Even by Irish standards, the moral timidity surrounding Seán FitzPatrick's systematic deception of the shareholders of Anglo Irish Bank is staggering. It was summed up by a perfect denunciation reported in Colm Keena's piece on the affair in Saturday's Irish Times. He quoted a trenchant criticism of FitzPatrick's nauseating use of the word "inappropriate" to describe his own behaviour: "If you have a moral compass at all you know it's just wrong, wrong, wrong." And who was it who so brilliantly cut through the equivocating? "A banking academic who did not wish to be named."

This is what we've come to.
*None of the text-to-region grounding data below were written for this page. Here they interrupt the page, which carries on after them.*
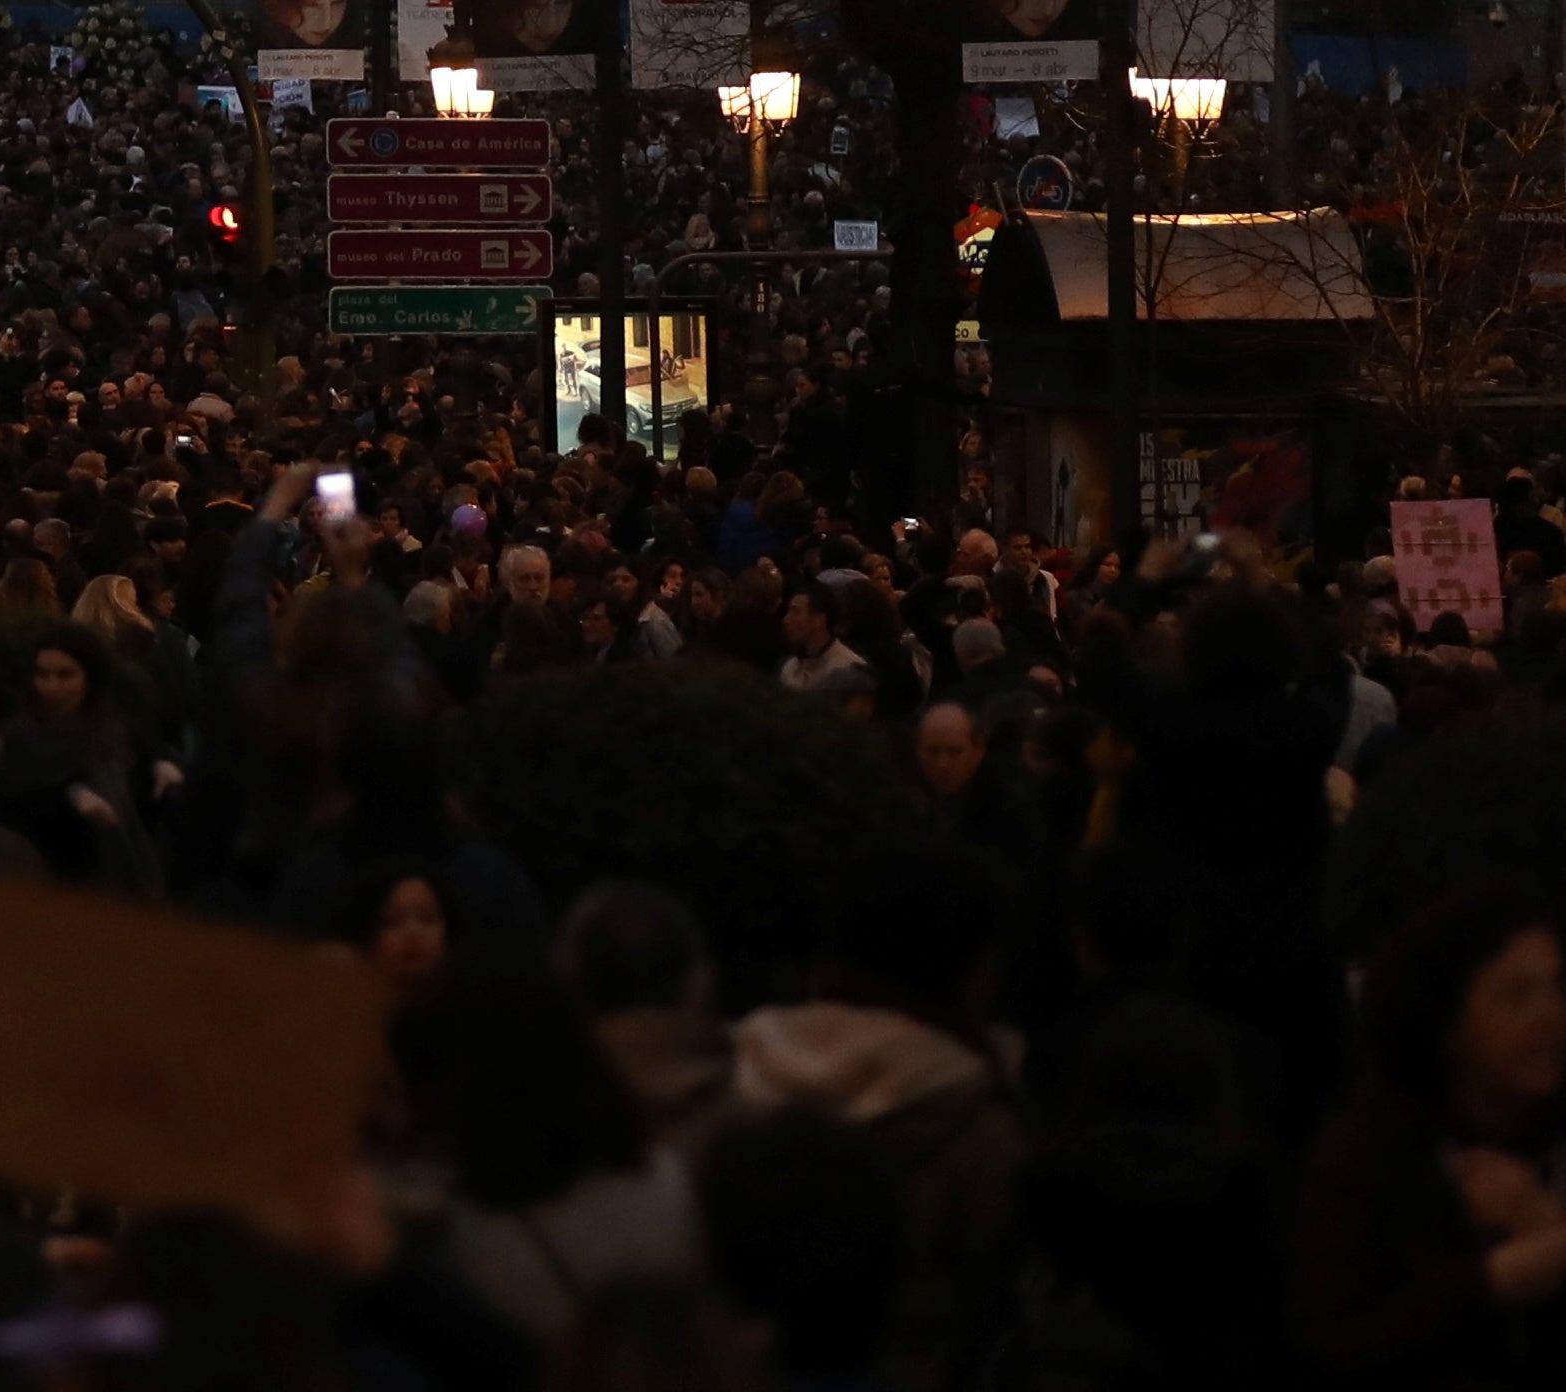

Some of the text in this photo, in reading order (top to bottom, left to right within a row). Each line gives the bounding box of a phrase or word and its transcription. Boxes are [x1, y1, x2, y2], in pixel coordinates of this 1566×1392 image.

[970, 65, 980, 78] 9
[981, 65, 1007, 78] mar
[1032, 64, 1042, 76] 8
[1045, 64, 1069, 76] abr
[405, 136, 542, 150] Casa de América
[336, 191, 459, 208] museo Thyssen
[336, 247, 463, 262] museo del Prado
[379, 293, 399, 304] del
[394, 310, 451, 324] Carlos
[1139, 432, 1156, 457] 15
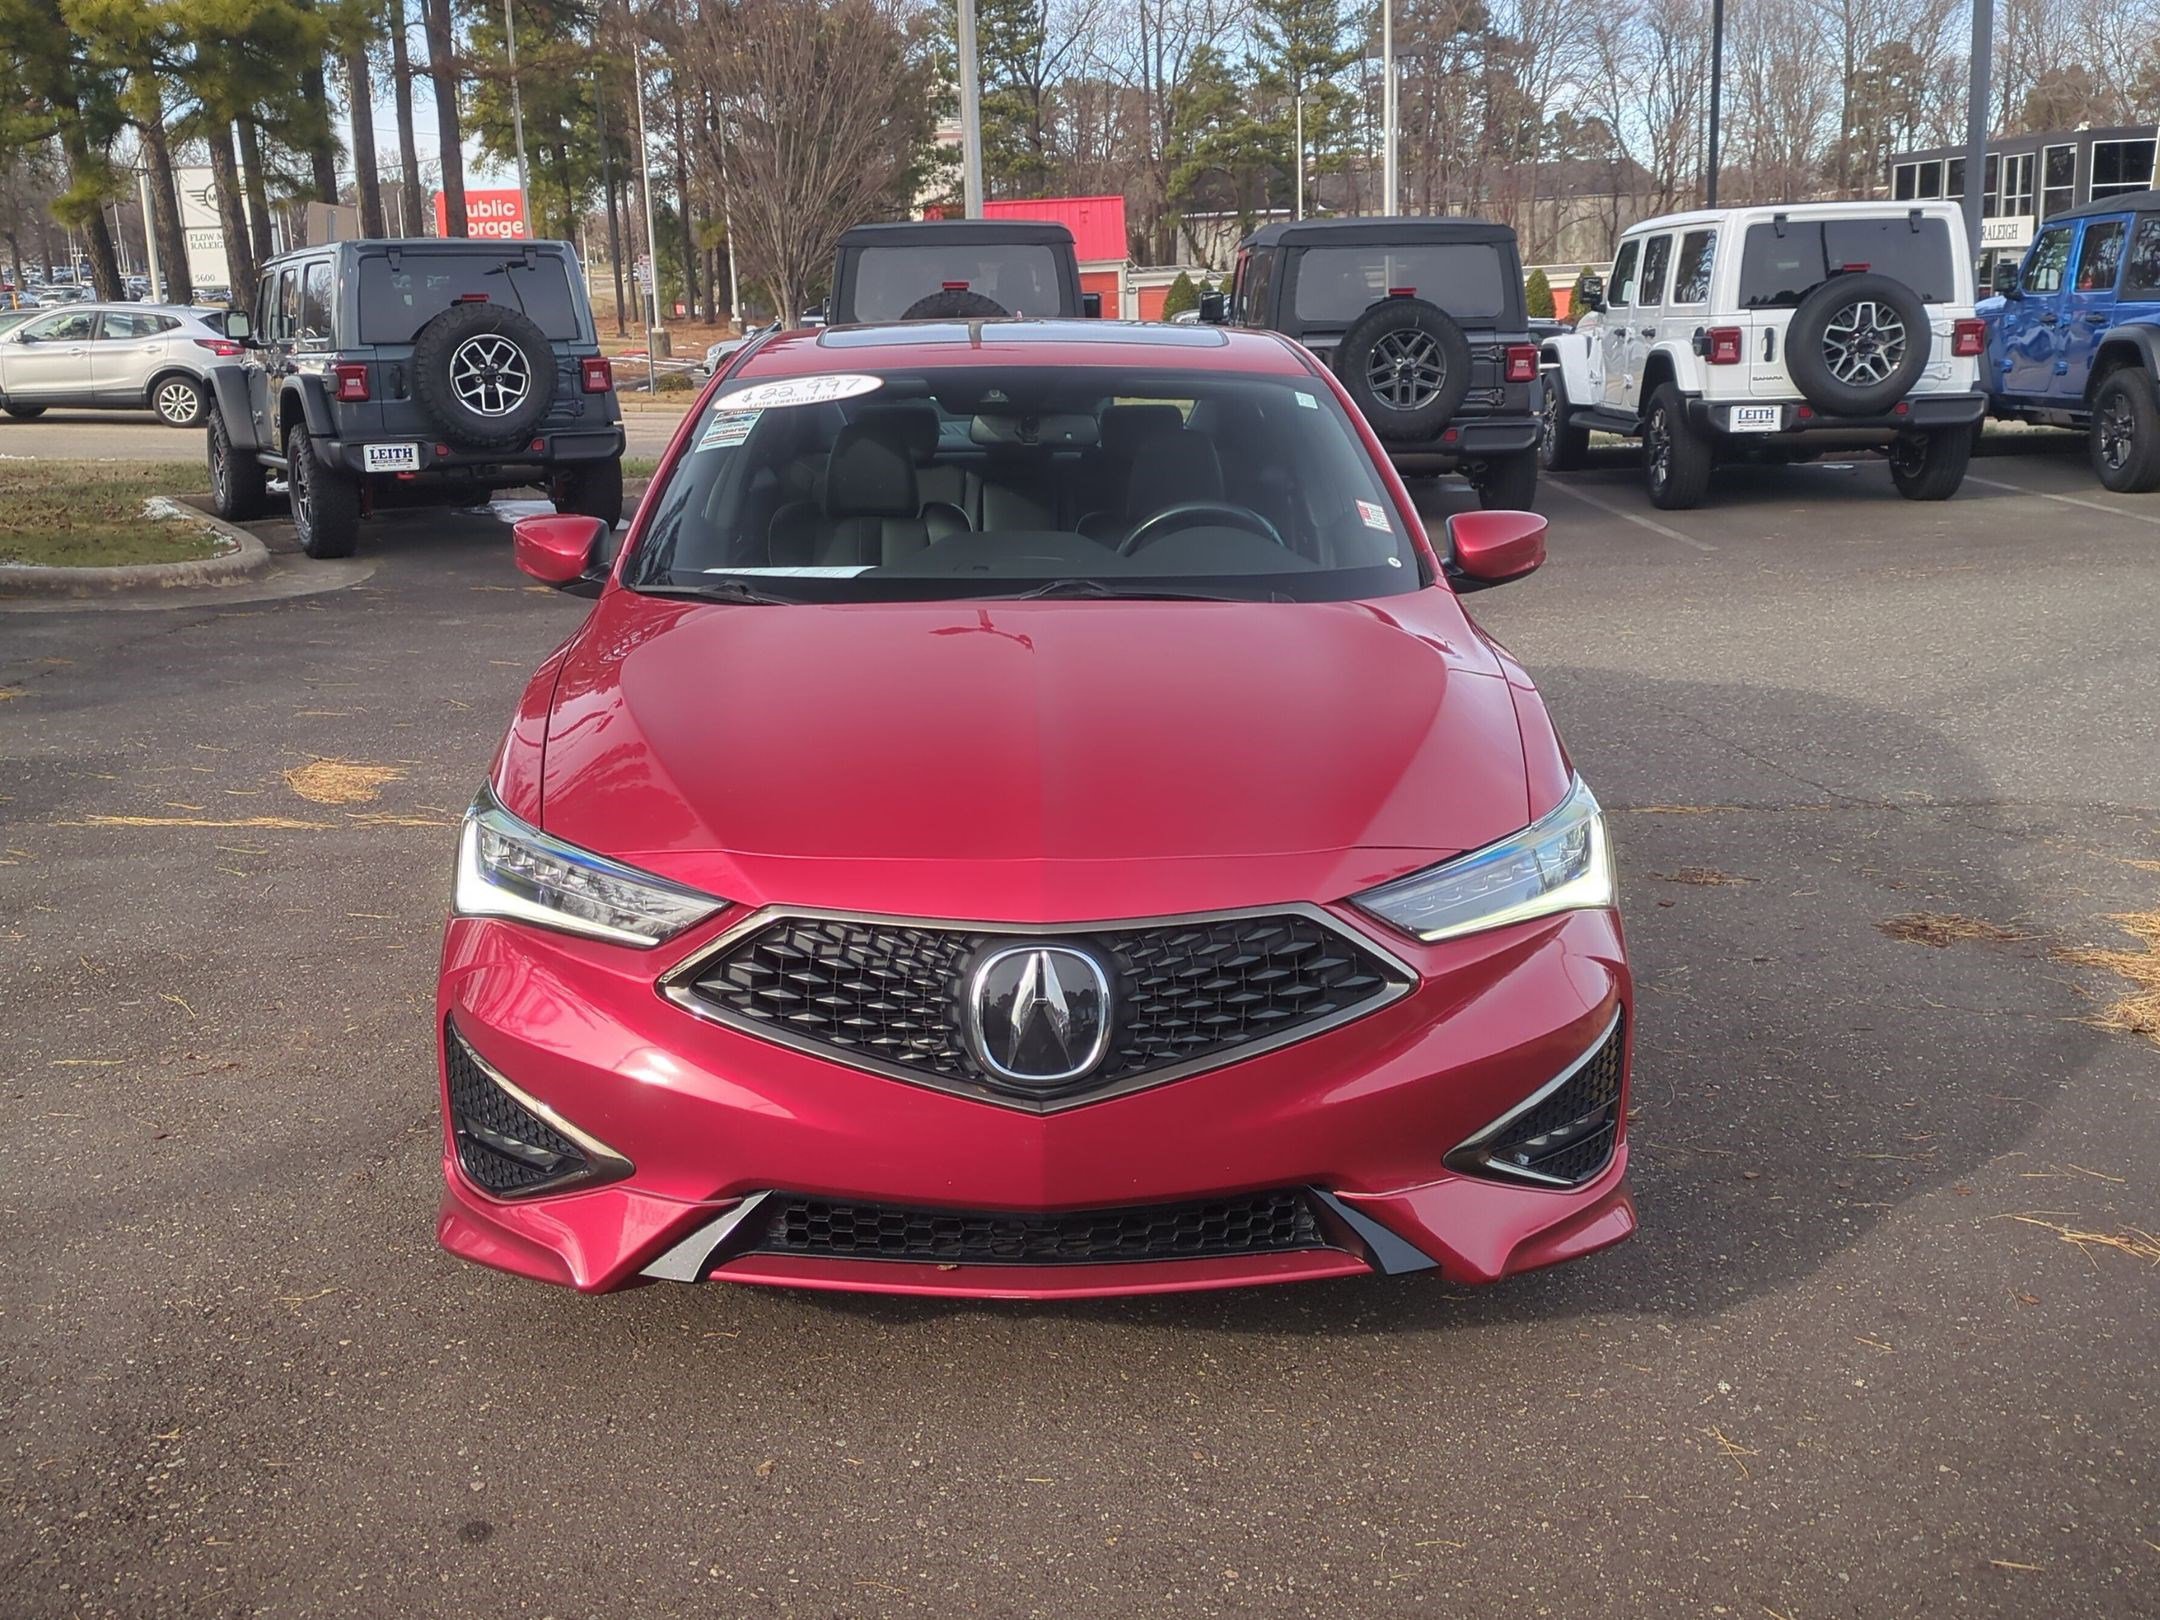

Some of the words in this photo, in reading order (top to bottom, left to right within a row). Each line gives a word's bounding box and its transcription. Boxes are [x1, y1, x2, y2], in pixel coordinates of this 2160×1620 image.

[466, 200, 516, 218] ublic
[468, 221, 524, 239] orage
[190, 233, 215, 241] FLOW
[191, 241, 223, 250] RALEIG
[195, 274, 216, 282] 5600
[1738, 409, 1775, 420] LEITH
[369, 447, 413, 460] LEITH
An academic, who enjoys independence and intellectual freedom, is afraid to put his or her name to the simple statement that what Seán FitzPatrick did is "wrong, wrong, wrong." It's okay to put your name to a statement that hiding huge loans from your shareholders and thereby causing your company's accounts to be grossly misleading is merely "inappropriate from a transparency point of view".

But using the word "wrong" is so controversial that you have to hide behind anonymity.

Which brings us to that other weasel word - "disappointing". On yesterday's Morning Ireland on RTÉ radio, Minister for Finance Brian Lenihan added another twist to the mendacity in which this whole affair is steeped. He actually managed to lie about his own verbal pussyfooting on the FitzPatrick issue. Cathal Mac Coille put it to him that last week he had described FitzPatrick's behaviour as "disappointing" and that this was "a rather weak word".

Lenihan reared up on him and claimed, in a voice freighted with the hurt of a badly wronged man, that "No, I never said I was disappointed." He had in fact, he claimed, used the word only in relation to the failure of the Financial Regulator to inform his department of the loans.

MacCoille, understandably assuming that the Minister couldn't be lying, apologised for his mistake.

Except it wasn't a mistake. Lenihan's statement last week is absolutely clear: "The Minister expressed his disappointment at the circumstances surrounding the resignation of Mr Seán FitzPatrick as chairman but believes that strong corporate governance must be upheld by all financial institutions in the Irish financial system." The disappointment had nothing to do with the Financial Regulator - it was Lenihan's description of the behaviour that led to FitzPatrick's resignation. His own colleague Mary Coughlan, for example, understood this perfectly.

Later on Friday, she said of Lenihan: "As he said, he is disappointed about the actions, although not illegal."

Even more bizarrely, having tried to rewrite his own reaction to the scandal last week, Lenihan then went on to rewrite FitzPatrick's contemptible statement about "inappropriate" behaviour: "I believe it was, as he himself acknowledged in his statement, wrong, unethical behaviour." FitzPatrick's statement did not contain the words "wrong" or "unethical" or any synonyms. What we have is the surreal situation of the Minister for Finance spinning for a banker who was involved in large-scale systematic deception. He feels it necessary, not only to mislead the public about his own pathetic reaction to the scandal, but to pretend that FitzPatrick actually acknowledged the concept of morality.

Why do we have this neurotic dance around the simple word "wrong"? Why do we have the double standard by which little shysters who lie about thousands of euro are crooks, but heroic entrepreneurs who lie about tens of millions do not, in FitzPatrick's words, "in any way breach banking or legal regulations"?

Could it be that since we've decided to bet the house on the bankers, we have to maintain the fiction that they're all fine fellows?